Stop & Heal

Methodology: how these timelines are built

Every milestone in Stop & Heal — and in the guides on this site — was written by reviewing published literature on the physical recovery process of that addiction, and each carries an evidence tag so you can see how solid the ground is.

Sources

For substance addictions (nicotine, caffeine, alcohol, sugar, cannabis), timelines lean primarily on official health bodies and clinical literature: WHO, the US Surgeon General, CDC, NHS, and peer-reviewed reviews. Nicotine milestones, for example, align with the CDC and Surgeon General cessation timelines.

For behavioral addictions (gambling, gaming, porn, phone, shopping, love), the clinical literature is younger.

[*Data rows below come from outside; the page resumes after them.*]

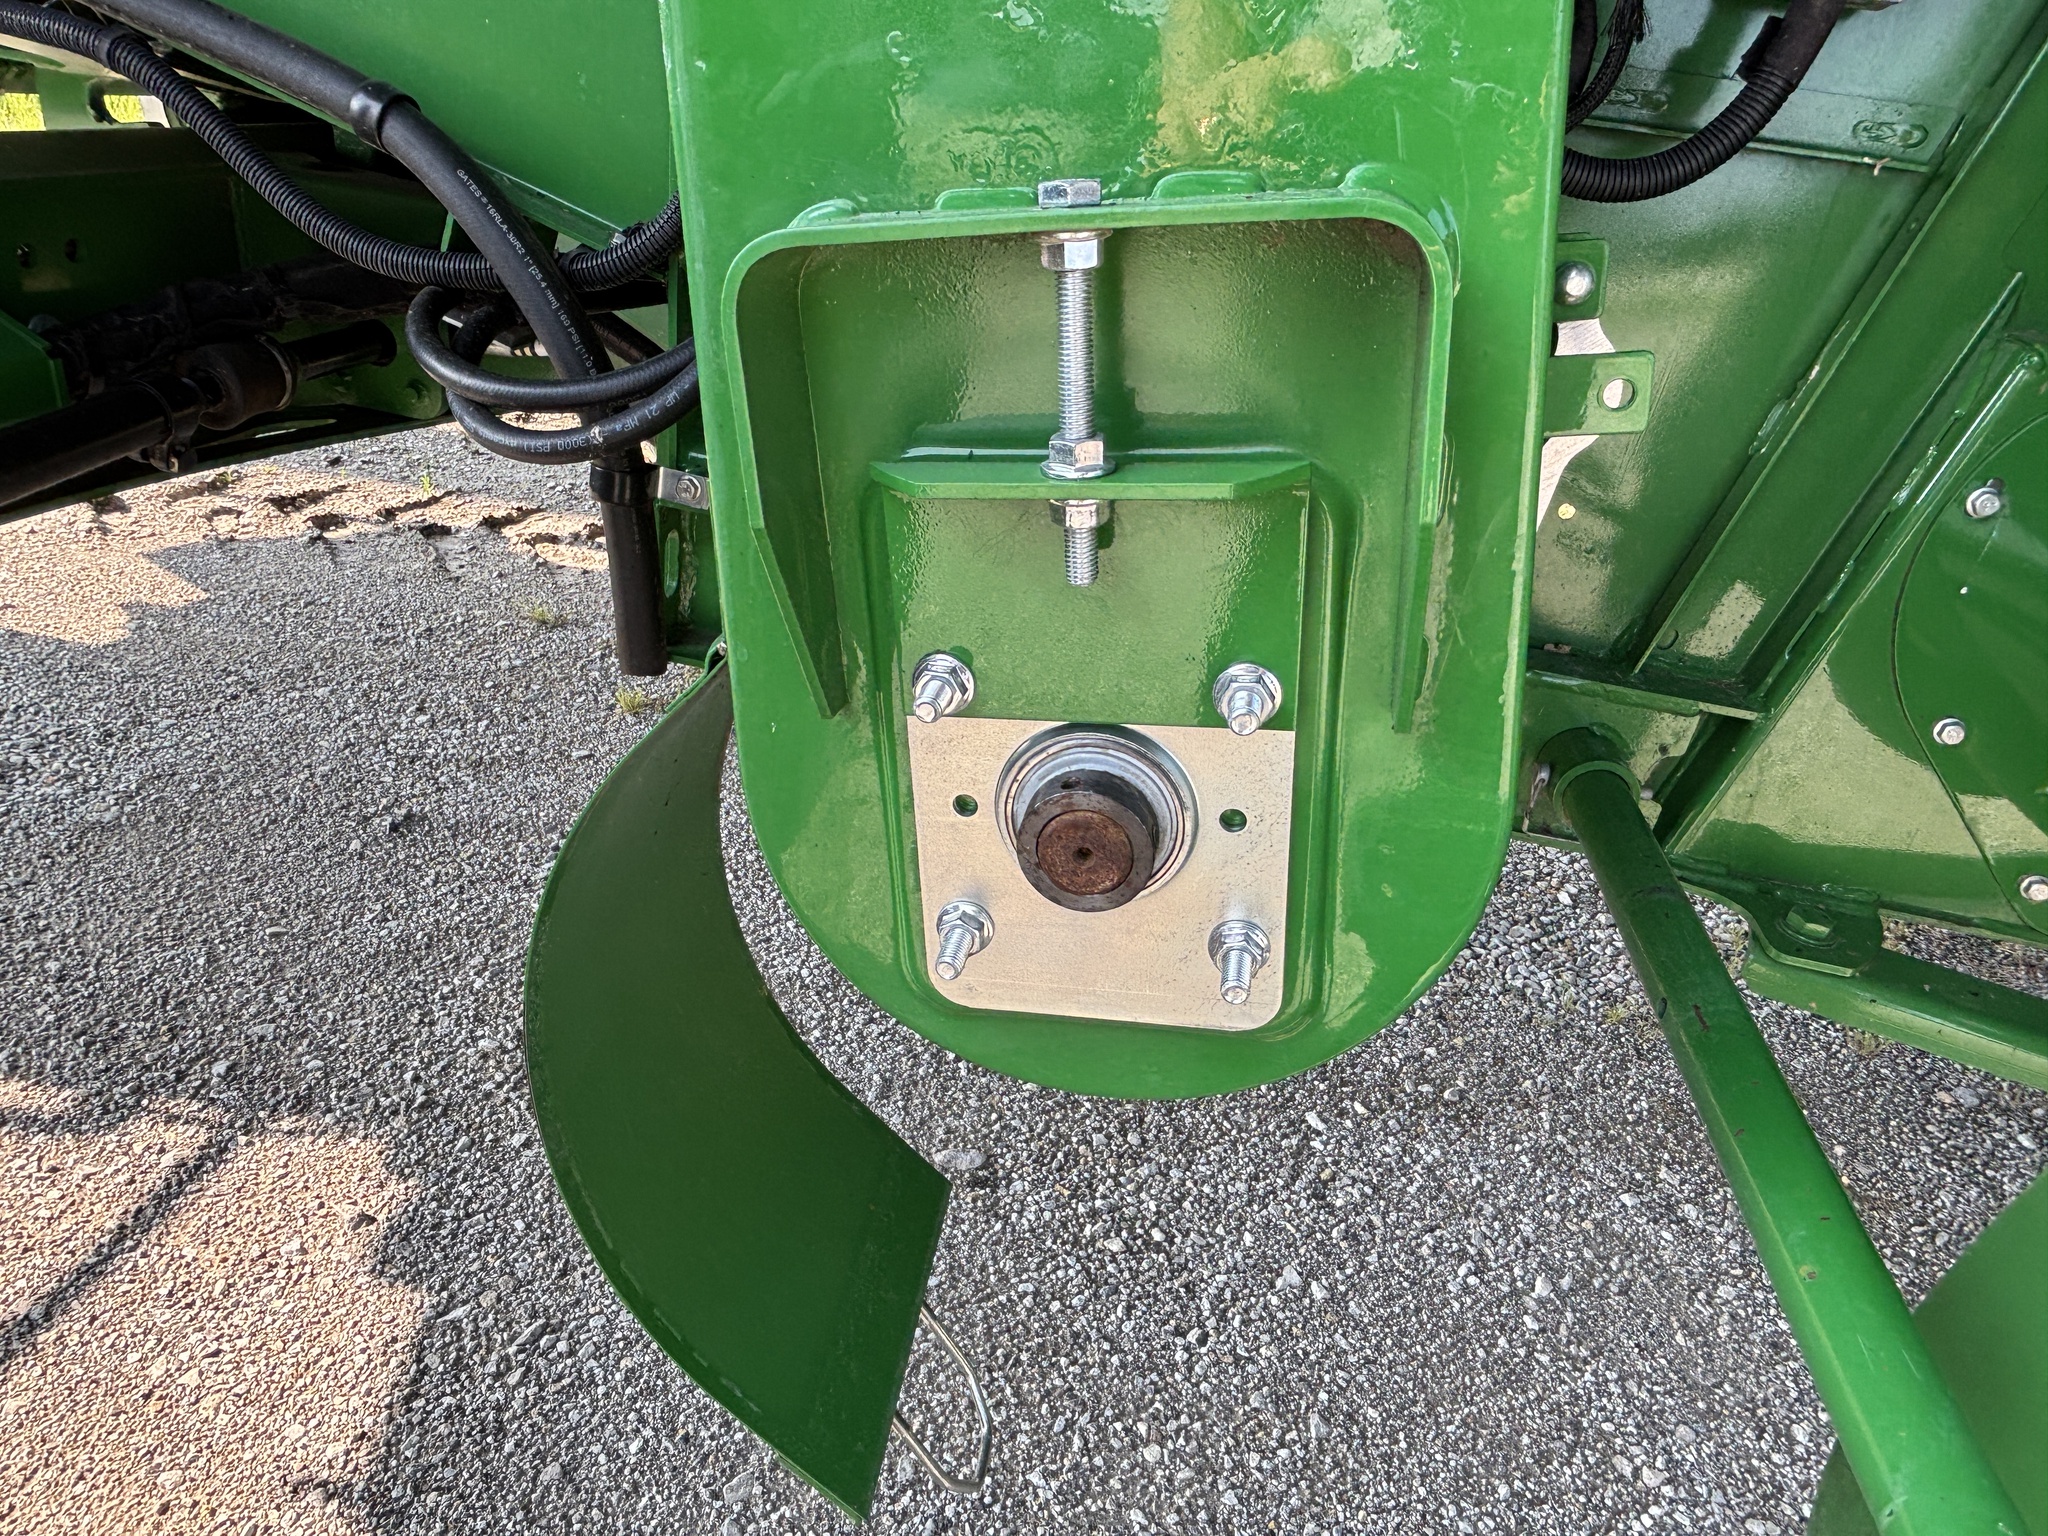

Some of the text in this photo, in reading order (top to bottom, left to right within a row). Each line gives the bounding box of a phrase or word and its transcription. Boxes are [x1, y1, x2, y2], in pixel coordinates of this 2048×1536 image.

[456, 169, 483, 198] GATES
[568, 327, 581, 345] PSI
[645, 405, 660, 419] 21
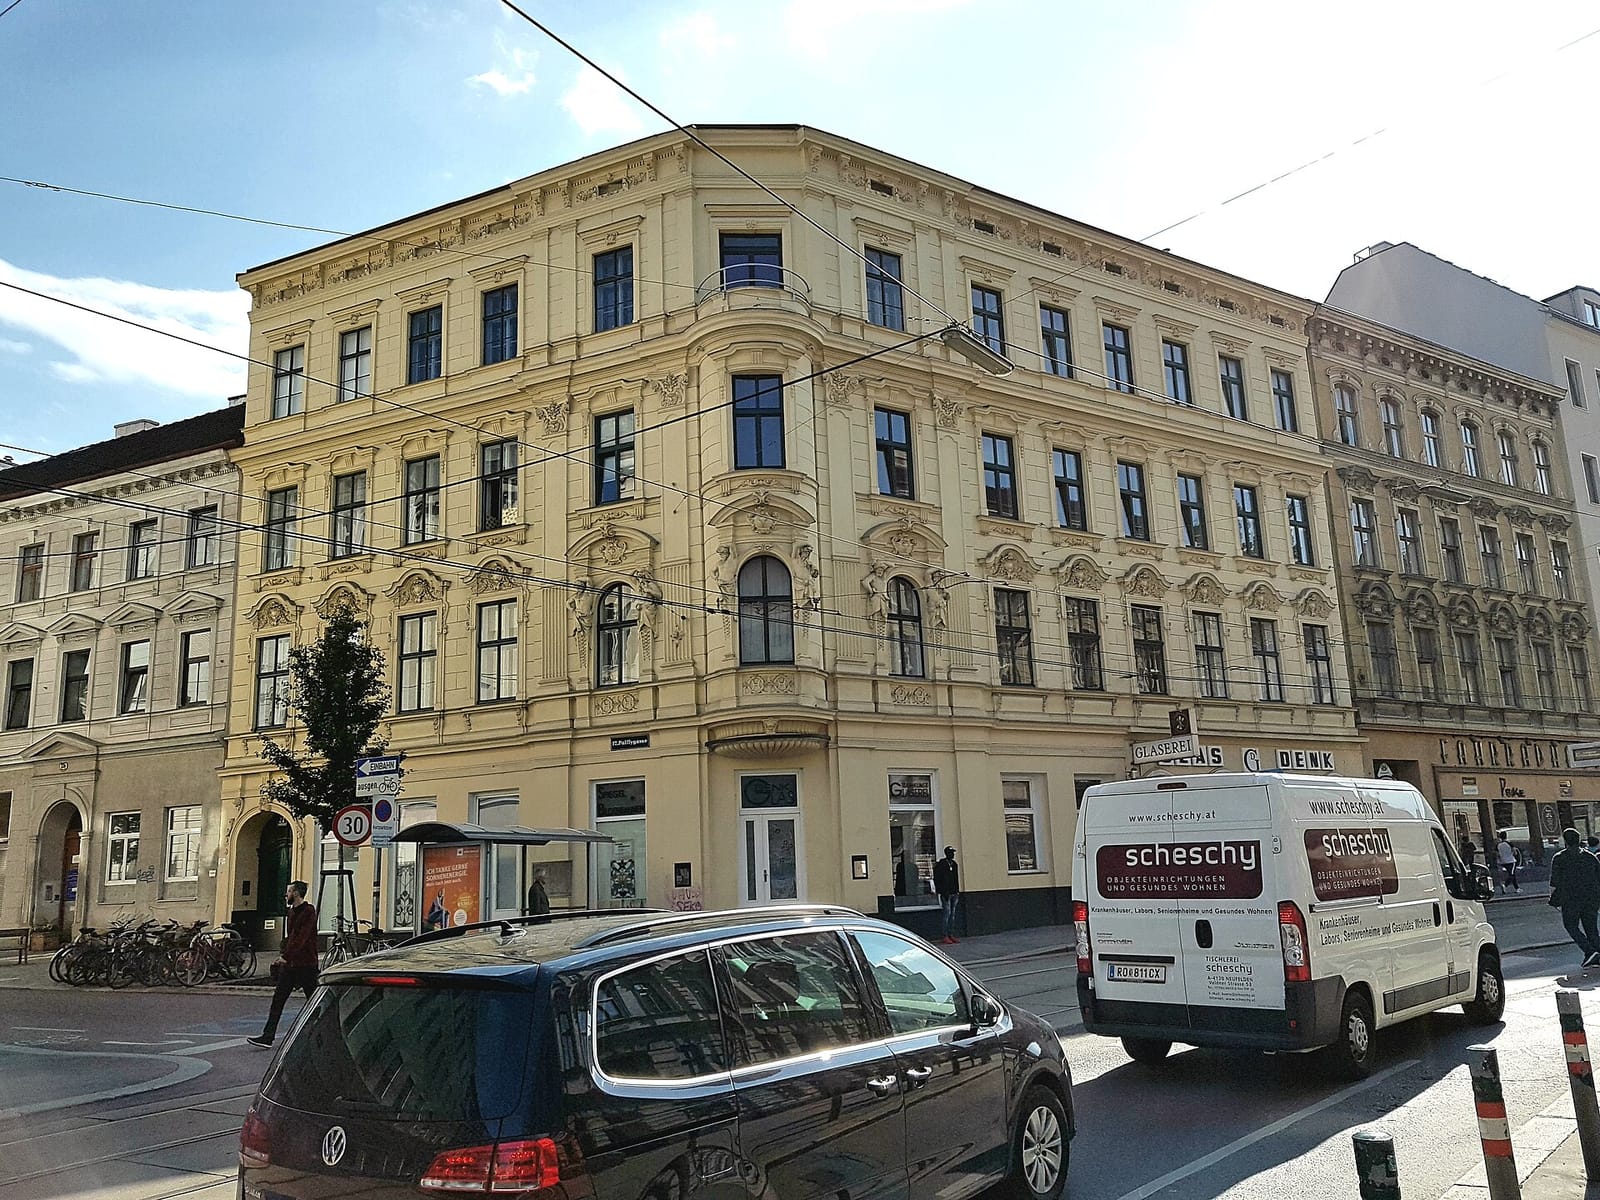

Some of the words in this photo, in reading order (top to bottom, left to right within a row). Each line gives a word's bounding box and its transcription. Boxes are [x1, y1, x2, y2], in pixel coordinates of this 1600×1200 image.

[1135, 740, 1192, 759] GLASEREI
[370, 762, 395, 771] EINBAHN
[1159, 748, 1221, 764] AS
[1280, 751, 1333, 770] DENK
[1309, 797, 1385, 818] www.scheschy.at
[1129, 810, 1216, 822] www.scheschy.at
[343, 816, 363, 834] 30
[1322, 829, 1392, 861] scheschy
[1126, 843, 1256, 870] scheschy
[1106, 875, 1225, 883] OBJEKTEINRICHTUNGEN
[1317, 867, 1382, 880] OBJEKTEINRICHTUNGEN
[1333, 880, 1361, 889] GESUNDES
[1091, 906, 1133, 914] Krankenhäuser,
[1134, 907, 1156, 915] Labors,
[1320, 913, 1362, 930] Krankenhäuser,
[1320, 933, 1343, 946] Labors,
[1343, 926, 1381, 942] Seniorenheime
[1382, 924, 1391, 934] und
[1392, 921, 1414, 933] Gesundes
[1117, 967, 1128, 977] RO
[1206, 963, 1252, 975] scheschy

Where human evidence is thin, we say so — that's what the tags are for.

The three evidence levels

  • Solid — repeatedly confirmed in human studies; official health bodies state it directly.
  • Reasonable — supported by clinical research, with some variability between studies or populations.
  • Indicative — early, observational, or commonly-reported findings; biologically plausible but not yet firmly established.

Honest limits

Timelines describe typical patterns. Your dose, duration, genetics and health shift every number. Milestones are motivation and education — not a diagnosis, not a schedule your body signed. When your experience and the timeline disagree, your body wins, and questions belong to a health professional.

This guide is general educational information compiled from public health literature. It is not medical advice, diagnosis or treatment. Withdrawal from alcohol and some substances can be dangerous — talk to a health professional before quitting.